So, one trite answer, one serious answer, but in the end I like my life. Its not been easy, I’ve had my rocky periods, but its been a good life. I’ve experienced more than most, generally behaved with morals I am happy with, and its led to a family life I’m both content and happy with. I really wouldn’t change it.

Friday, September 22, 2006

Questions questions

The boy is bored, so its question time. Any oddities in your mind you want researched (the question on cooch grass was enjoyable last time), intimate details of the boy's life you want revealed, anything at all really. Put your questions in the comment box and I'll start writing.

Thursday, September 21, 2006

Sickies

Am ill today. Sore throat, my head and joints ache, generally speaking, I feel like shite. I have a funny relationship with illness, and not necessarily a “healthy” one. I’ve got a high tolerance for pain, so I just ignore it until it flattens me or I get better.

So I’m off to work, just like yesterday and the day before. Too much to do, and a day off could mean something slipping that shouldn’t. Thing is I do actually believe sickies are there for a reason, and actively encourage staff who feel ill to rest and recover.
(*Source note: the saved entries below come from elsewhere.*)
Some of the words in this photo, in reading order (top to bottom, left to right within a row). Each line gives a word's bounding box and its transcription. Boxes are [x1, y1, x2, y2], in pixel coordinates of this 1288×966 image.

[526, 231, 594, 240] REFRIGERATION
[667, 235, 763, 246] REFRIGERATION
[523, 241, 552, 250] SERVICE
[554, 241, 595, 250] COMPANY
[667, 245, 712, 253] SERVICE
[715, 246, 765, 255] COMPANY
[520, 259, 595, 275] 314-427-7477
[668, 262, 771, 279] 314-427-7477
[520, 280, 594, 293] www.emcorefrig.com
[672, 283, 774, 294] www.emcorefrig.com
Not for myself though, a day off would bore the pants off me and I’d be constantly thinking of work. Like I said, not a “healthy” relationship with illness

Wednesday, September 20, 2006

Delayed delays

I know I have complained about the trains before, but when you already spend somewhere between 3 and 4 hours a day commuting to and from work, every minute is precious. This week has been a nightmare. From the non informative announcements on the platforms, and the less than helpful website I understand that “engineering works overran” last weekend in Portsmouth.
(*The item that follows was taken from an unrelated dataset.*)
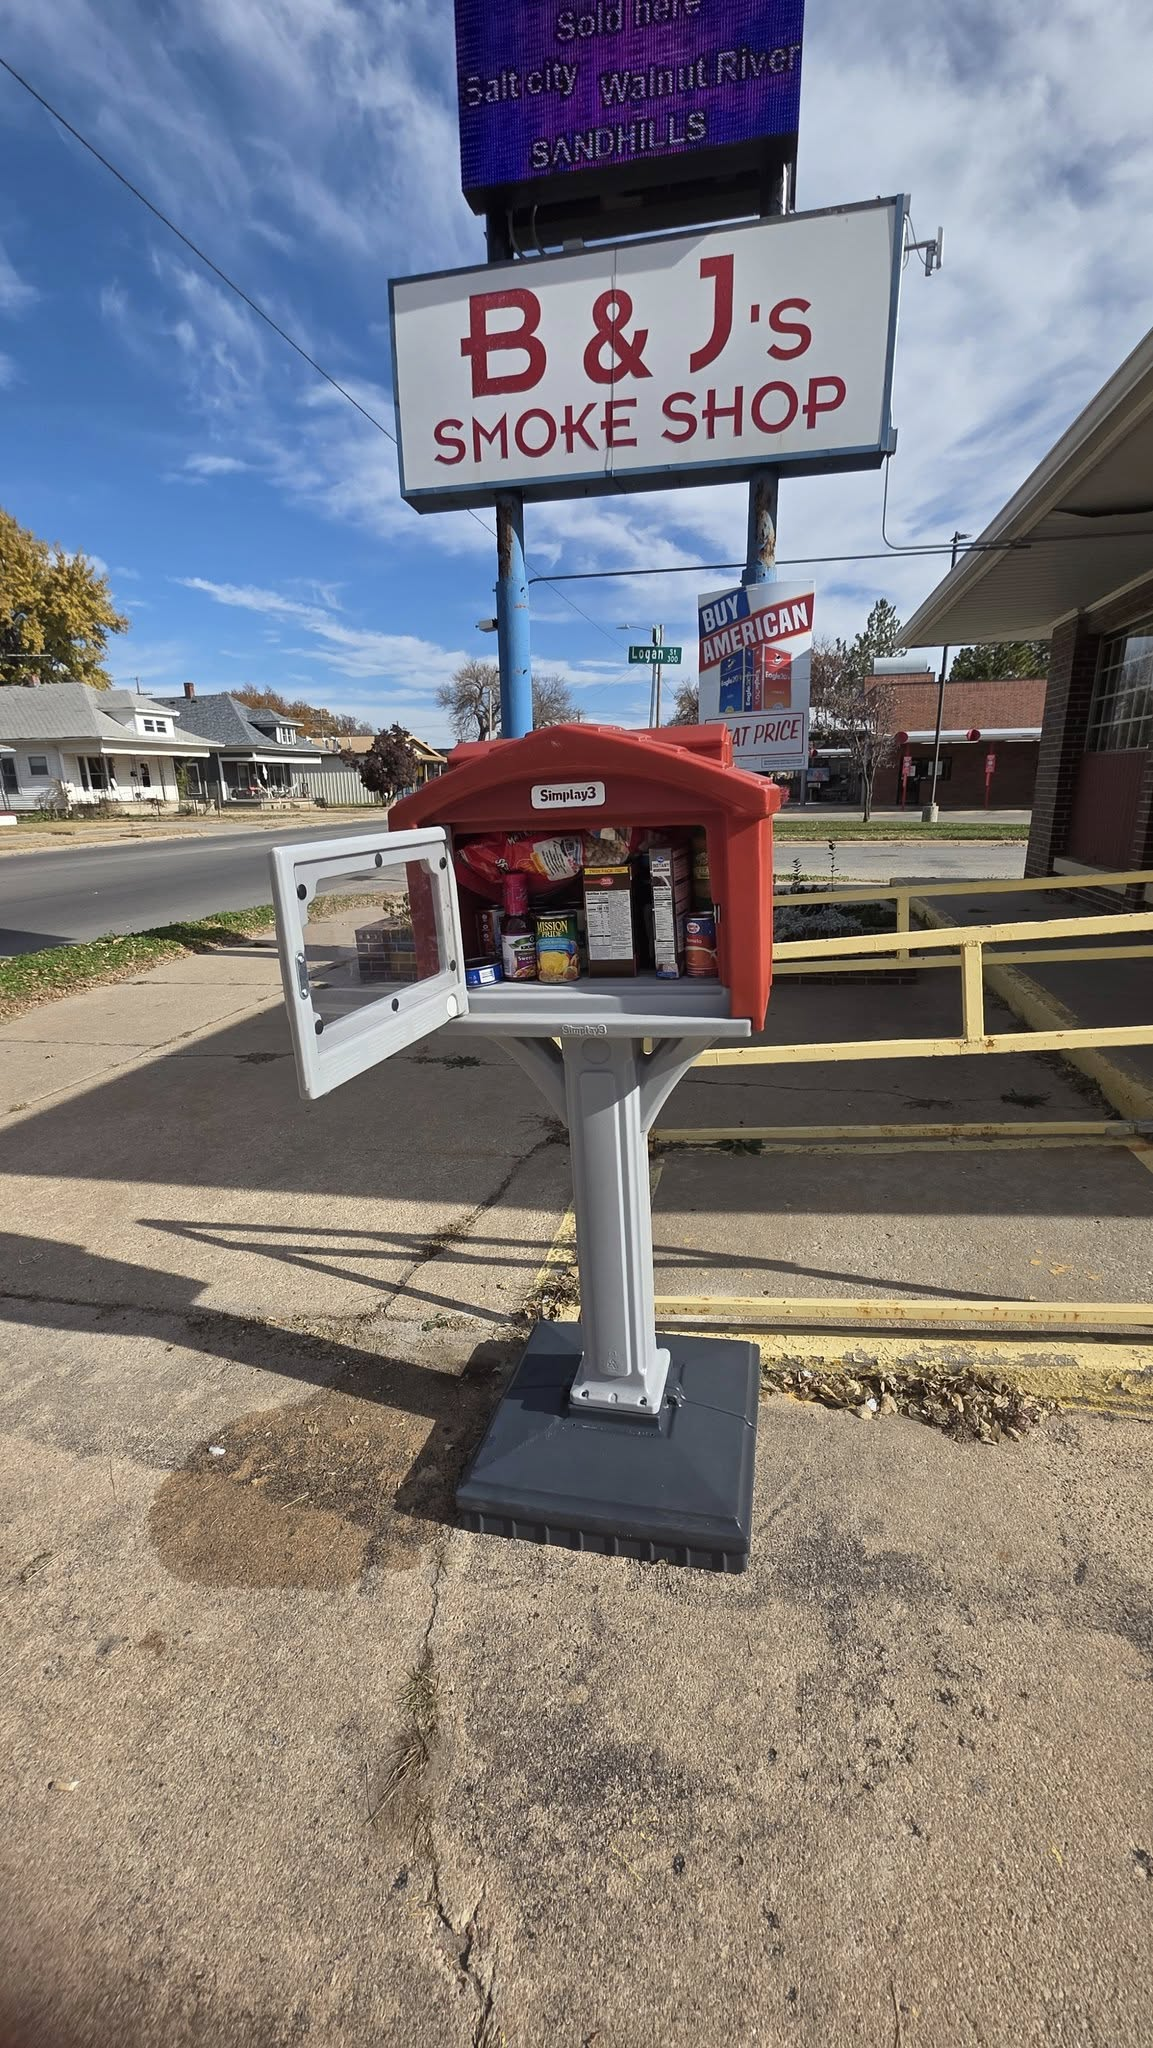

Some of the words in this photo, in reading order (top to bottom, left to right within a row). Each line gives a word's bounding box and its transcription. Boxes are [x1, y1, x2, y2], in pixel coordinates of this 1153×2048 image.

Now, seeing that these delays have probably stolen somewhere in the region of 4, maybe 5 hours of my time this week, making me late for meetings and even later getting back home, just a little information wouldn’t hurt. What engineering works overran, why is this causing delay, and who is going to loose their job over it?

A bland, “we are sorry for the delay this causes to your journey” just doesn’t cut it. Indeed that further boils my blood. If they can’t get the trains running on time, they could at least hand out free cups of tea. Perhaps a manager walking down the platform shaking hands and apologising profusely might be nice. At a minimum an announcement that actually gave out some information would help.

Yet none of that, just an “oh well, can’t be helped” attitude is enough to get me back in my car rather than doing the right thing and take the trains. If, between South West trains and Network Rail, the combined incompetence can’t keep the trains running on time, something needs to change. This morass of unaccountability, in which managers continue to get bonuses, and shareholders continue to get dividends just isn’t good enough. This is near as dammit a monopoly situation, and capitalism and monopolies just don’t work together.

Nationalise the lot I say, if for no other reason than firing the man who recorded the “we are sorry for the delay” message.

Monday, September 18, 2006

The worth of labour

“Now doesn’t it feel good to get a job like this finished, to see the results?”

Knowing what was good for me I nod my head tiredly and mumble some reassurances. The right answer is, of course, “No, not in the slightest.”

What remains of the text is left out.